(Dataset excerpts)

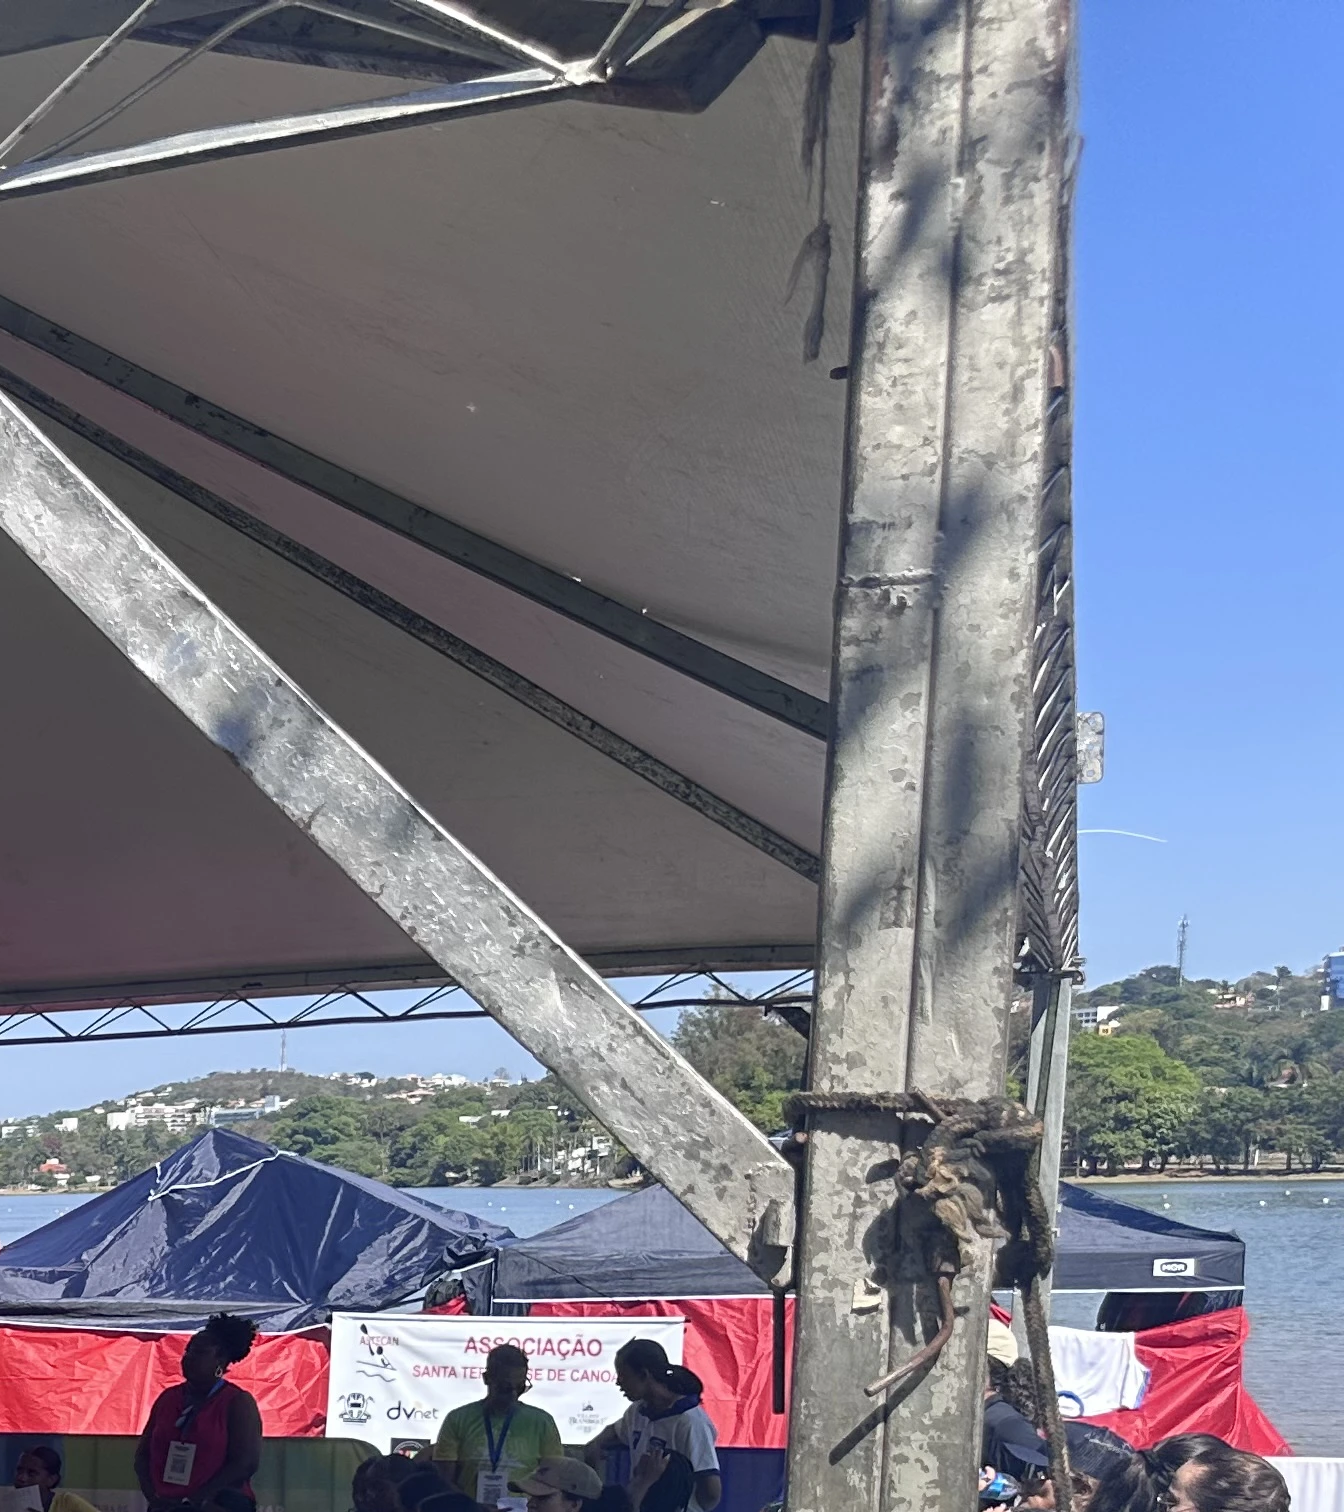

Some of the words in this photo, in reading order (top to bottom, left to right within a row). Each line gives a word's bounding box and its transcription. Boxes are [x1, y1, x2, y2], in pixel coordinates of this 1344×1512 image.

[412, 1365, 457, 1379] SANTA
[548, 1368, 566, 1382] DE
[570, 1370, 617, 1383] CANOA
[387, 1400, 439, 1420] dvnet
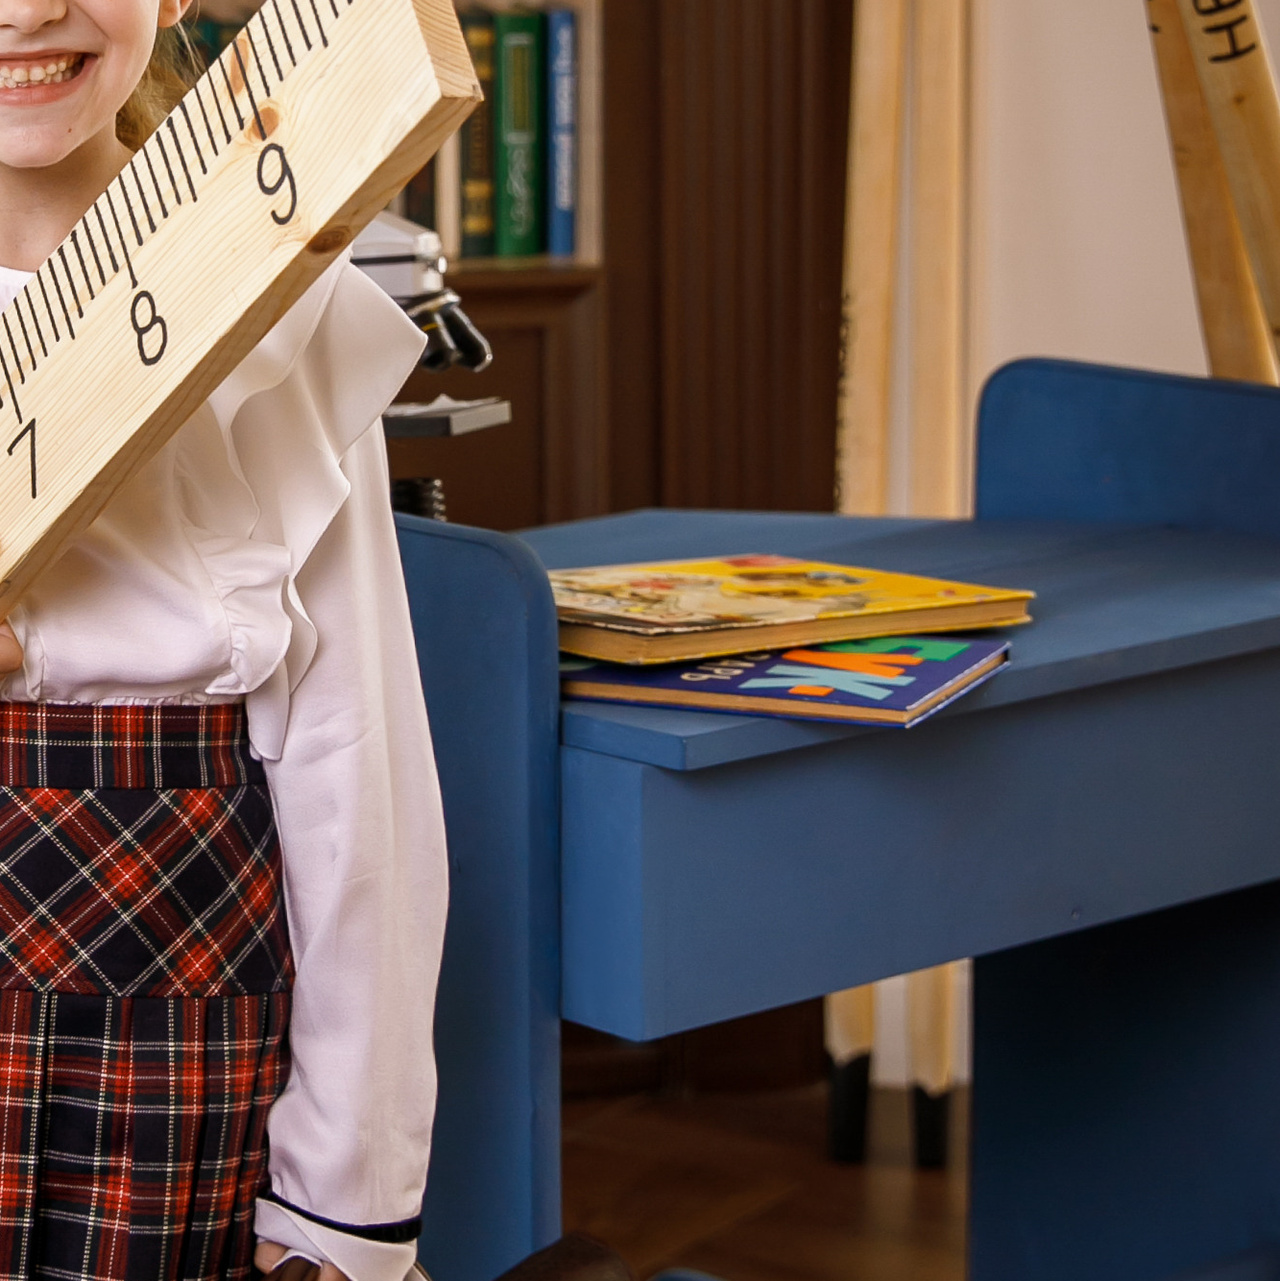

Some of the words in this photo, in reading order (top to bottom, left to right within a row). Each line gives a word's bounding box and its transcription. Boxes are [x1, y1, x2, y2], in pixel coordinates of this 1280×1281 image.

[7, 418, 37, 499] 7
[130, 290, 167, 366] 8
[257, 143, 297, 225] 9

◆ WHAT TO DO: Please print out the entries above exactly. The pictures stay out.

◆ SOLUTION FOR THIS PROBLEM:
Some of the words in this photo, in reading order (top to bottom, left to right within a row). Each line gives a word's bounding box and its transcription. Boxes are [x1, y1, x2, y2], in pixel coordinates of this 1344×1512 image.

[412, 1365, 457, 1379] SANTA
[548, 1368, 566, 1382] DE
[570, 1370, 617, 1383] CANOA
[387, 1400, 439, 1420] dvnet

Some of the words in this photo, in reading order (top to bottom, left to right within a row). Each line gives a word's bounding box and its transcription. Boxes are [x1, y1, x2, y2], in pixel coordinates of this 1280×1281 image.

[7, 418, 37, 499] 7
[130, 290, 167, 366] 8
[257, 143, 297, 225] 9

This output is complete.